In the mid-1960s, the Soviet divisional anti-aircraft units began replacing their AA-guns with missiles, and by the end of the 1970s, the AA-guns had almost disappeared. However, they were used in many other countries. The performance of AAA (anti-aircraft artillery) in Vietnam against low-flying aircraft led the Soviets to bring back many guns from storage to supplement the Surface-to-Air Missiles, whose performance at low altitude was less than satisfactory.

Operational history
The S-60 and its Chinese copy (the Type 59) have seen combat in several wars all over the world – e.g., the Bajaur Campaign, Six-Day War and the Yom Kippur War in the Middle East, and the Soviet–Afghan War. The Afghan People's Army received twenty-four 57 mm guns in 1958, and deployed it during the Bajaur Campaign. During the Vietnam War, the S-60 was the keystone of North Vietnamese low-altitude air defense and was most effective between 460 meters and 1,500 meters.

In Iraq (Iran–Iraq War, Gulf War and Iraq War), the S-60, normally deployed in battalions of 36 guns, served consistently in defense of divisional headquarters and field artillery assets.

Georgian army air defence units used S-60 guns during the Russo-Georgian War. Some units engaged Russian attack aircraft near the city of Gori. None were shot down by S-60 though some were damaged.

Syrian S-60 guns were actively used during the Syrian Civil War by both the army and rebel groups. As many other guns originally designed for antiaircraft use, most of the time they were used in shelling ground targets.
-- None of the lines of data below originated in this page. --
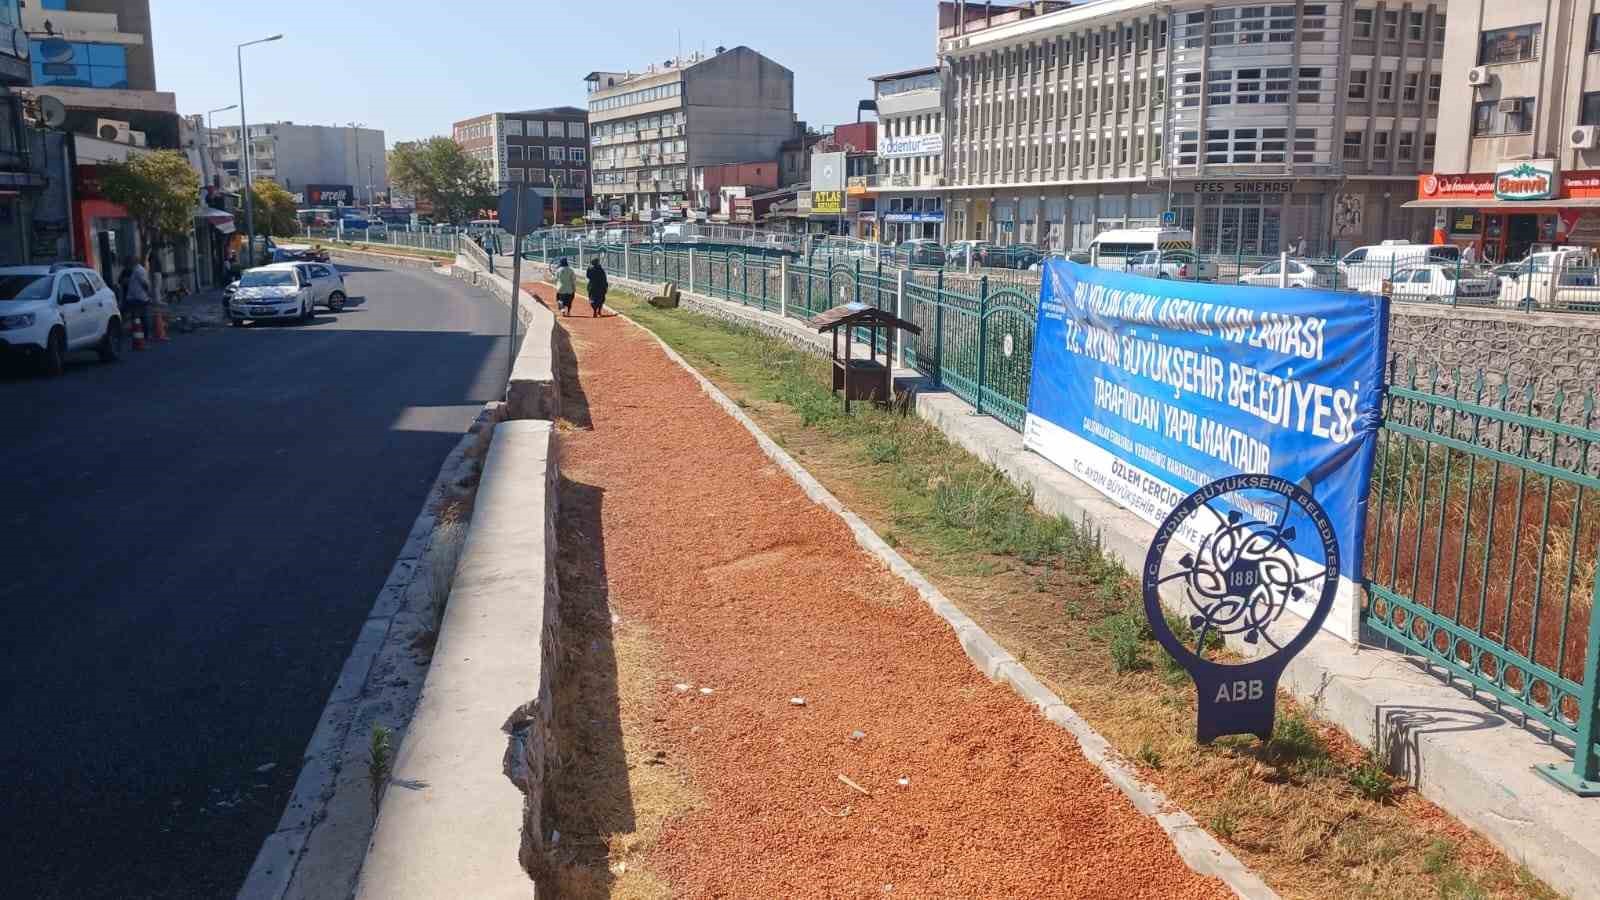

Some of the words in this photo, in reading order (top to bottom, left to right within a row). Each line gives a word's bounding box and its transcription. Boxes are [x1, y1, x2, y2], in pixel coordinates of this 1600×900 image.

[1194, 181, 1225, 192] EFES
[1500, 177, 1548, 194] Banvit
[1159, 298, 1214, 336] ASFALT
[1214, 305, 1328, 361] KAPLAMASI
[1066, 319, 1083, 354] T.C.
[1085, 324, 1121, 366] AYDIN
[1122, 328, 1224, 402] BÜYÜKŞEHİR
[1227, 367, 1360, 445] BELEDİYESİ
[1094, 376, 1160, 433] TARAFINDAN
[1163, 404, 1271, 475] YAPILMAKTADIR
[1084, 466, 1106, 486] AYDIN
[1106, 476, 1156, 514] BÜYÜKŞEHİR
[1111, 457, 1142, 487] ÖZLEM
[1155, 507, 1190, 555] AYDIN
[1230, 570, 1258, 587] 1881
[1214, 679, 1264, 704] ABB
The Islamic State allegedly shot down a Cessna 208 Caravan operated by the Iraqi Air Force near Hawija, Iraq on 16 March 2016 with a truck-mounted S-60.

In 2022, S-60s were used by Ukraine in the war with Russia not in their original anti-aircraft role but as indirect-fire artillery. In this role they were reported to have an effective range of 6.1km.

Ammunition types
The S-60 fires ammunition in 57×348SR caliber, with ballistics (see below) similar to the longer 57×438mm  ammunition of Bofors 57 mm AA gun, but somewhat weaker than Soviet 57 mm anti-tank guns of World War II. Modern anti-aircraft rounds have not been developed for the gun; the main characteristics of the Soviet-era ammunition are listed in the table below. In addition to these People's Republic of China manufactures ammunition in 57x348SR caliber, designated Type 59 HE-T, Type 59 AP-T, and Type 76 HE-T.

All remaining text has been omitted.